Such an alternative has been widely investigated (see references [38, 39, 48, 53, 60]), and was shown to provide a fairly tight approximation.

3.2.2 Ergodic secrecy capacity

As an appropriate secrecy measure to characterize the time-varying feature of wireless channels, the ergodic secrecy capacity is consequently utilized to quantify the ergodic features of wireless channels [42, 88,89,90,91]. The ergodic secrecy capacity is mathematically evaluated by averaging the channel capacity over all fading channel realizations, which is mathematically computed as follows,

$$\begin{aligned} {\mathcal {E}}(C_s) = \left[ {\mathcal {E}}[\log _2(1+\gamma _B)] - {\mathcal {E}}[\log _2(1+\gamma _E)\right] ^+. \end{aligned}$$
(7)

For instance, the authors in [92] investigated the ergodic secrecy rate of downlink multiple-input multiple-output (MIMO) systems with limited CSI feedback. Similarly, considering the zero-forcing (ZF) beamforming at Alice and ZF detectors at Bob and Eve, the upper and lower bounds of the ergodic secrecy capacity of MIMO systems were explored in [90].

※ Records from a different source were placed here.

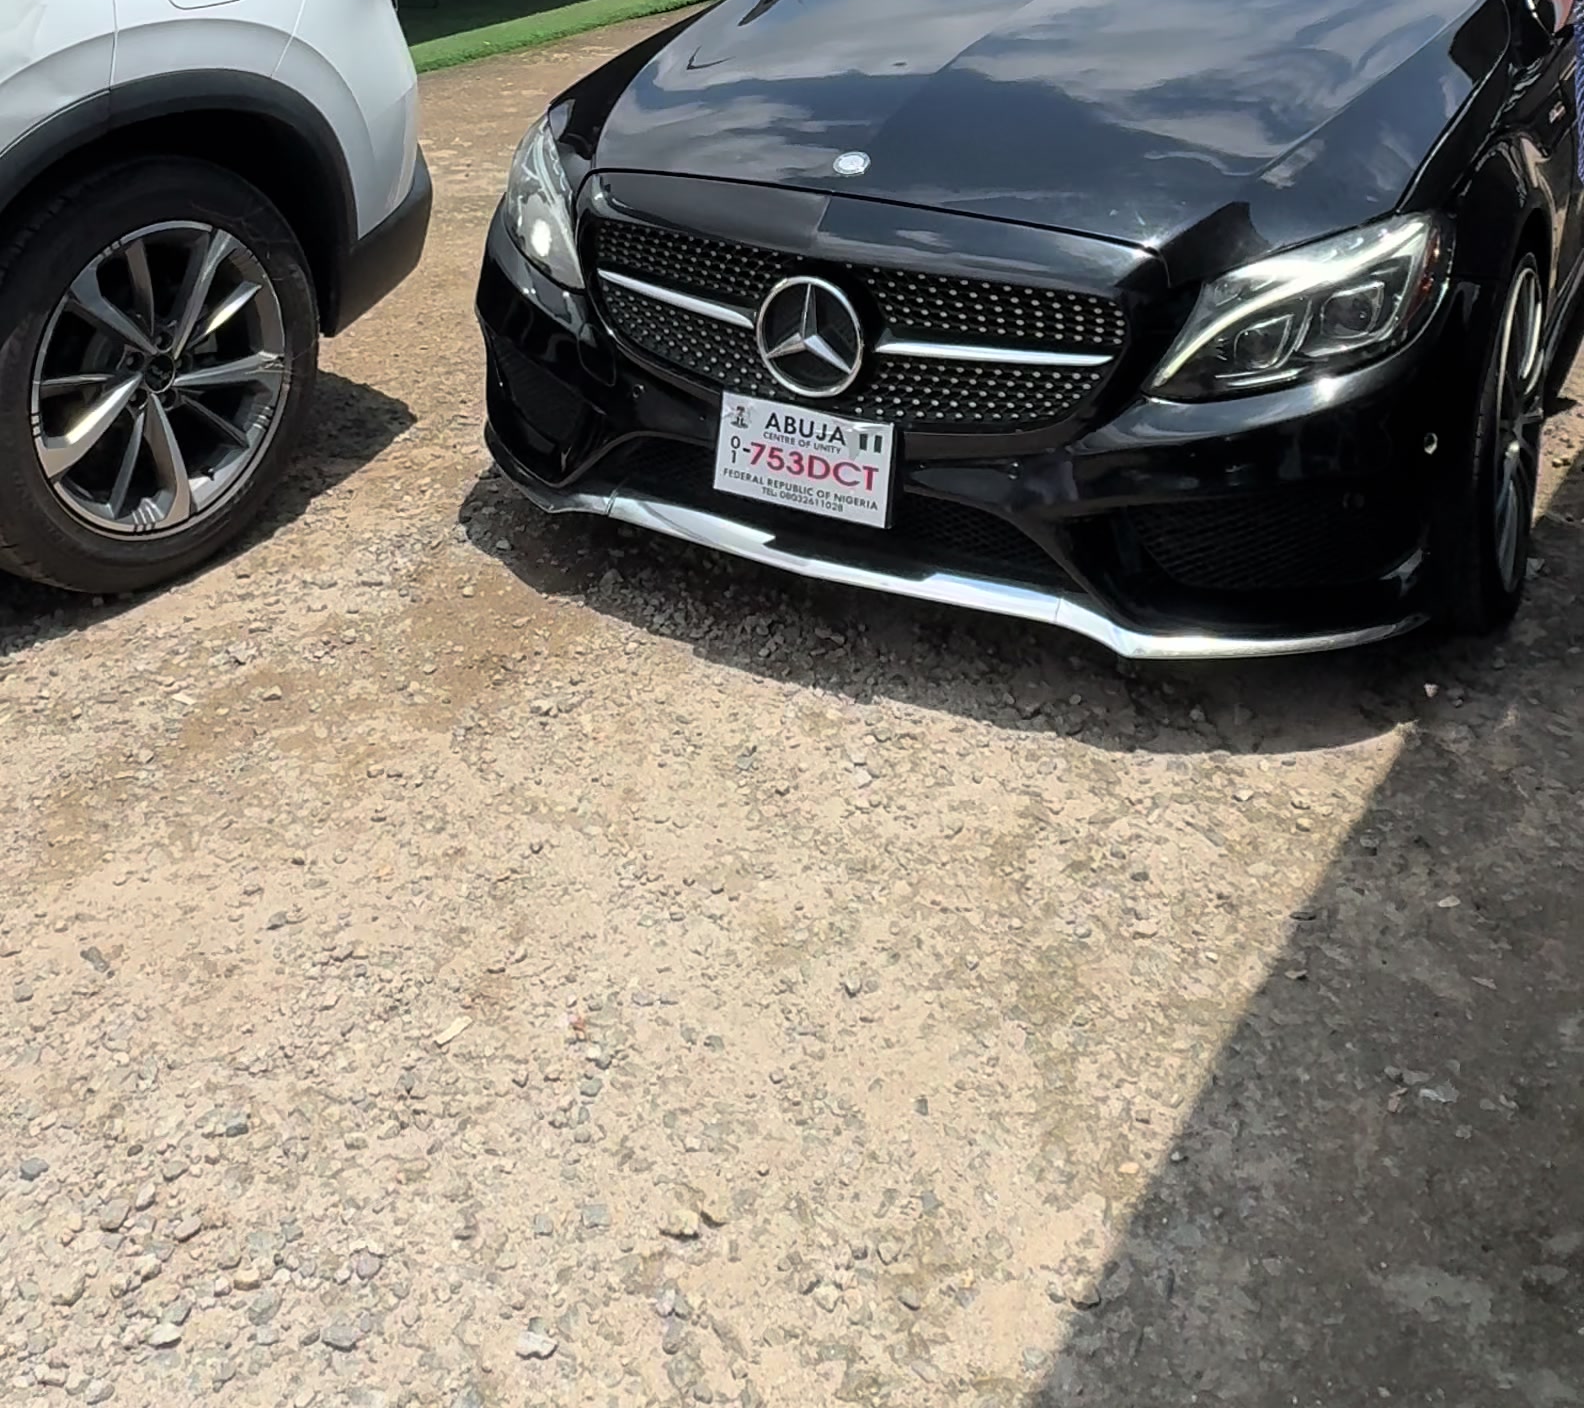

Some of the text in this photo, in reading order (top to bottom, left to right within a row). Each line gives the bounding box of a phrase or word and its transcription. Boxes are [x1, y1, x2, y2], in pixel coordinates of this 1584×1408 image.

[763, 431, 841, 455] CENTRE OF UNITY
[765, 412, 846, 446] ABUJA
[723, 467, 878, 511] FEDERAL REPUBLIC OF NIGERIA
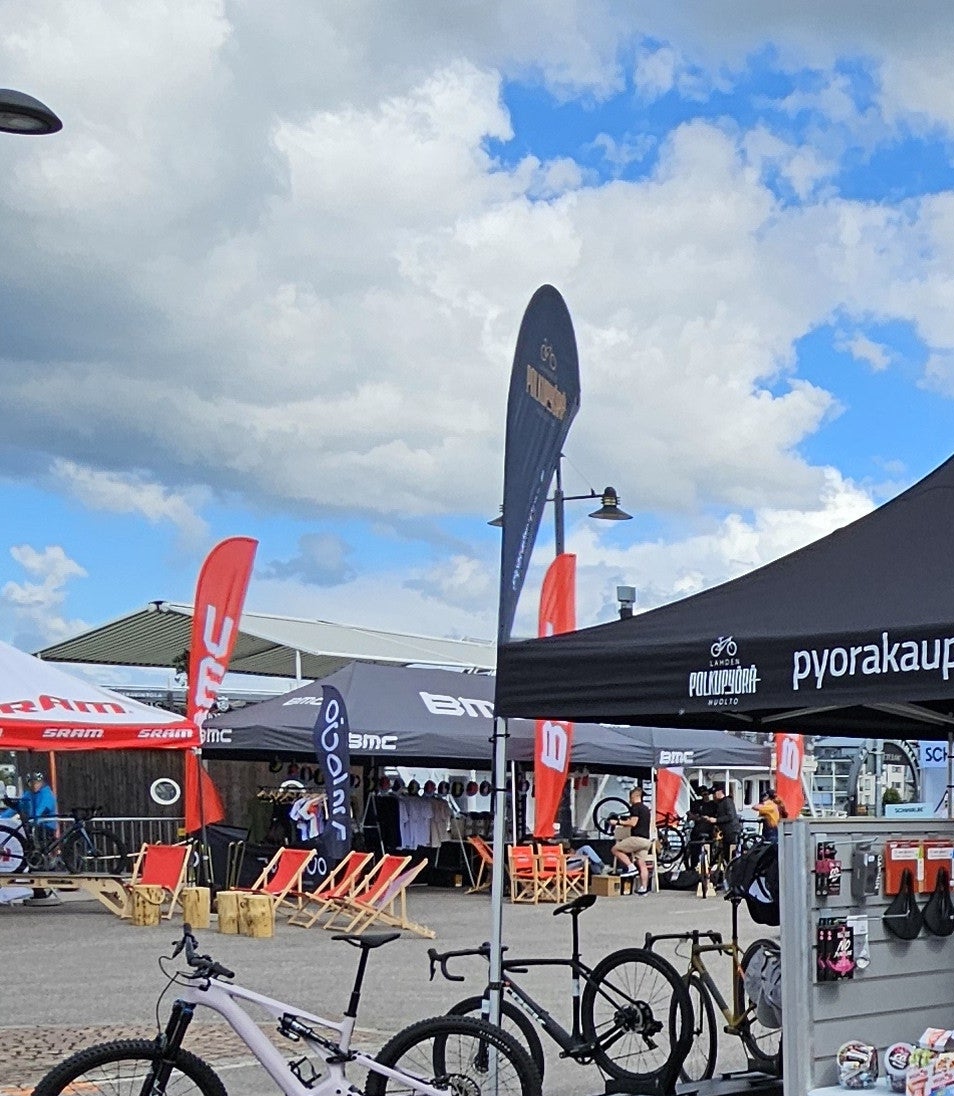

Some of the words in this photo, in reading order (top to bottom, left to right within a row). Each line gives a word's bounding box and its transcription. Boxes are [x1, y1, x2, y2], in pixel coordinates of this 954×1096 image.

[709, 658, 741, 667] LAHDEN
[282, 696, 324, 706] BMC
[419, 692, 495, 718] BM
[43, 728, 102, 738] SRAM
[138, 728, 193, 738] SRAM
[349, 732, 398, 750] BMC
[659, 750, 694, 764] BMC
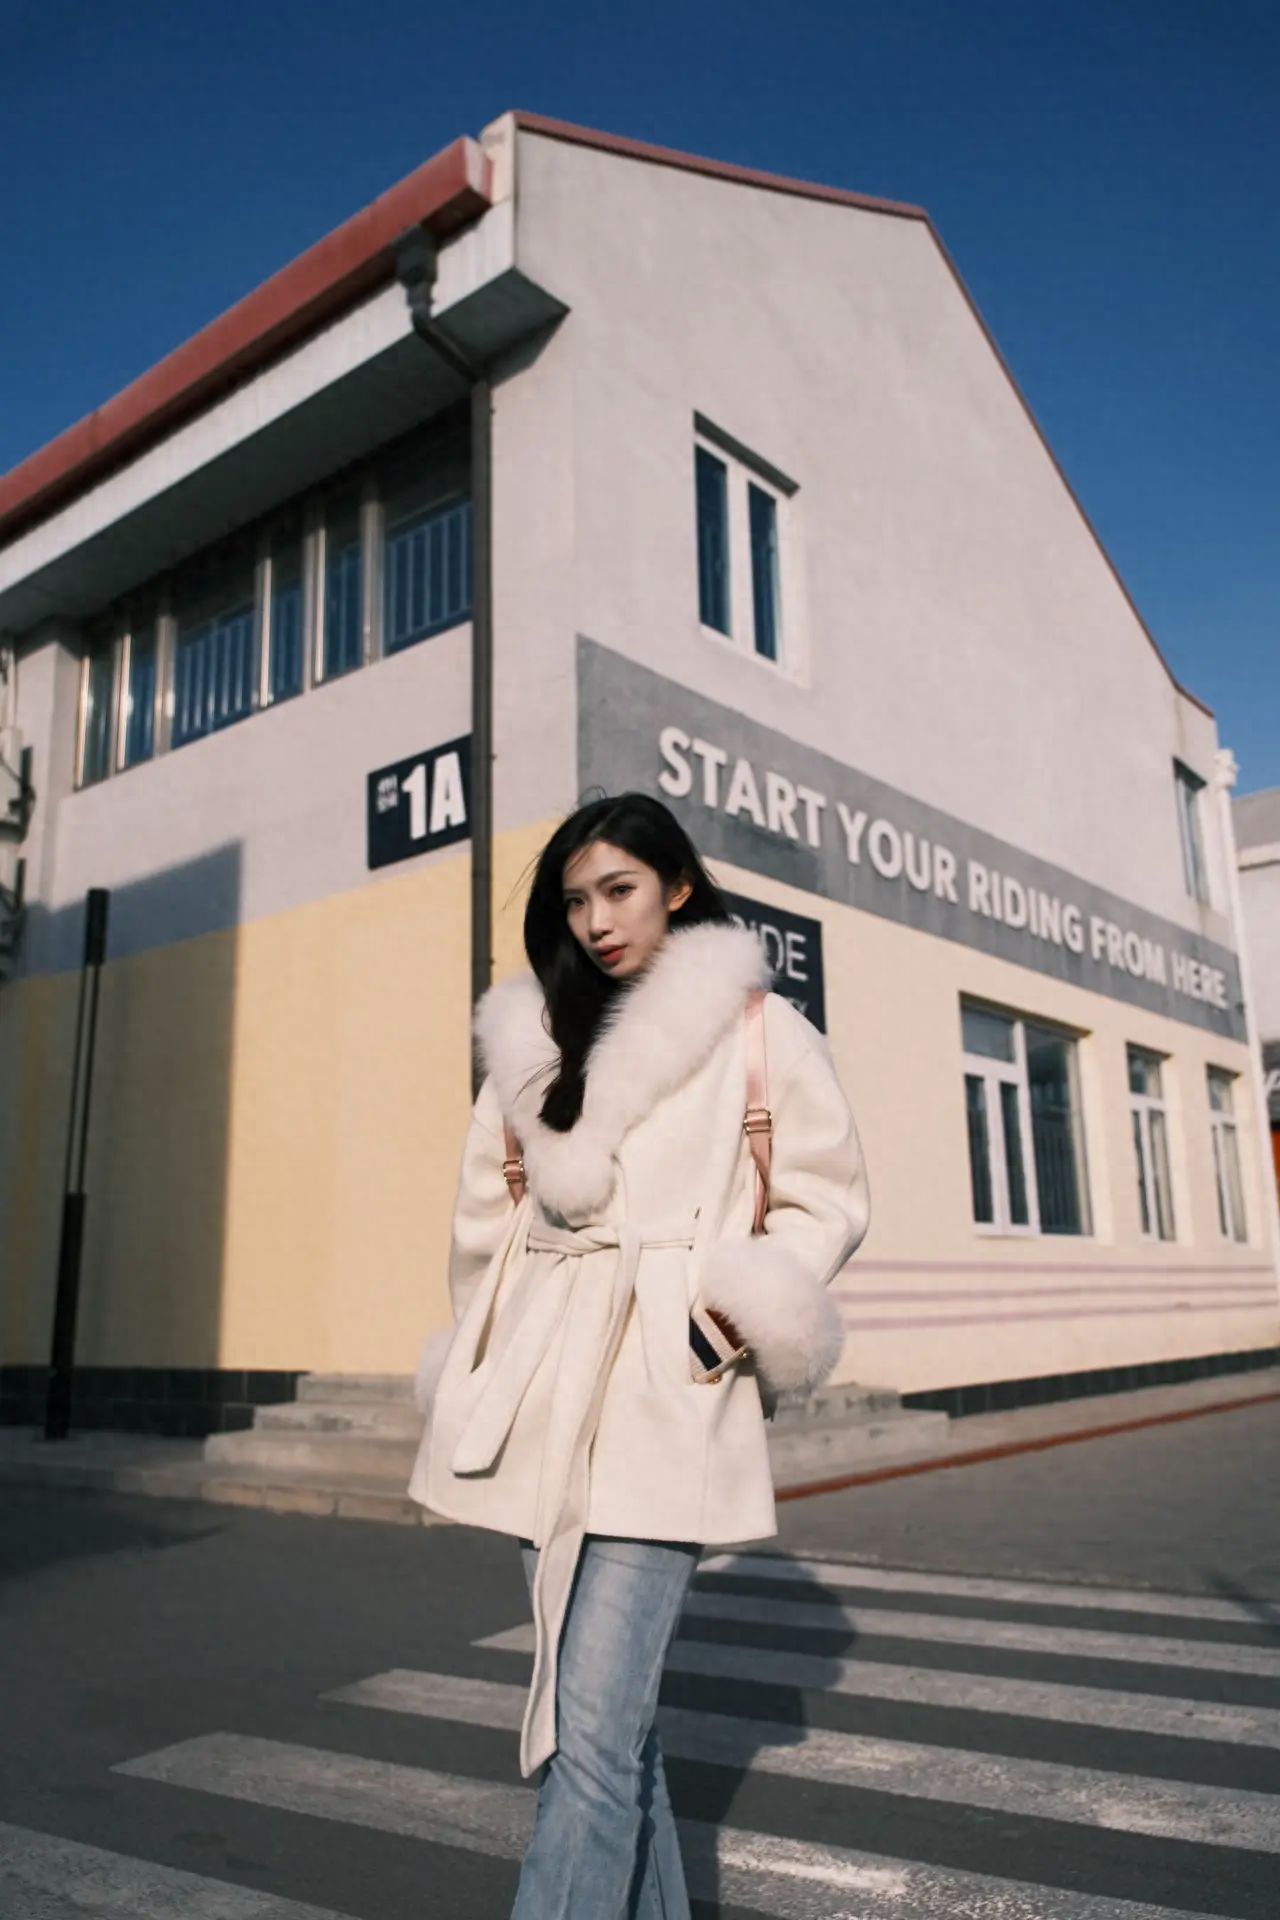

4 Secrecy characterization

In wireless communication systems, the transmitted signals are reflected, diffracted, and scattered from objects that are present on their path to the receivers. The received signals experience fading (multipath) and shadowing (signal power attenuation or pathloss) phenomena, which pose destructive and harmful impacts at the receiver sides. The essence of PLS lies in reversely using the impairments of wireless channels as secrecy enhancement means.

Under the assumption that the main and wiretap channels undergo independent fading conditions, this section mainly presents the security performance analysis over wiretap fading channels according to the following four categories.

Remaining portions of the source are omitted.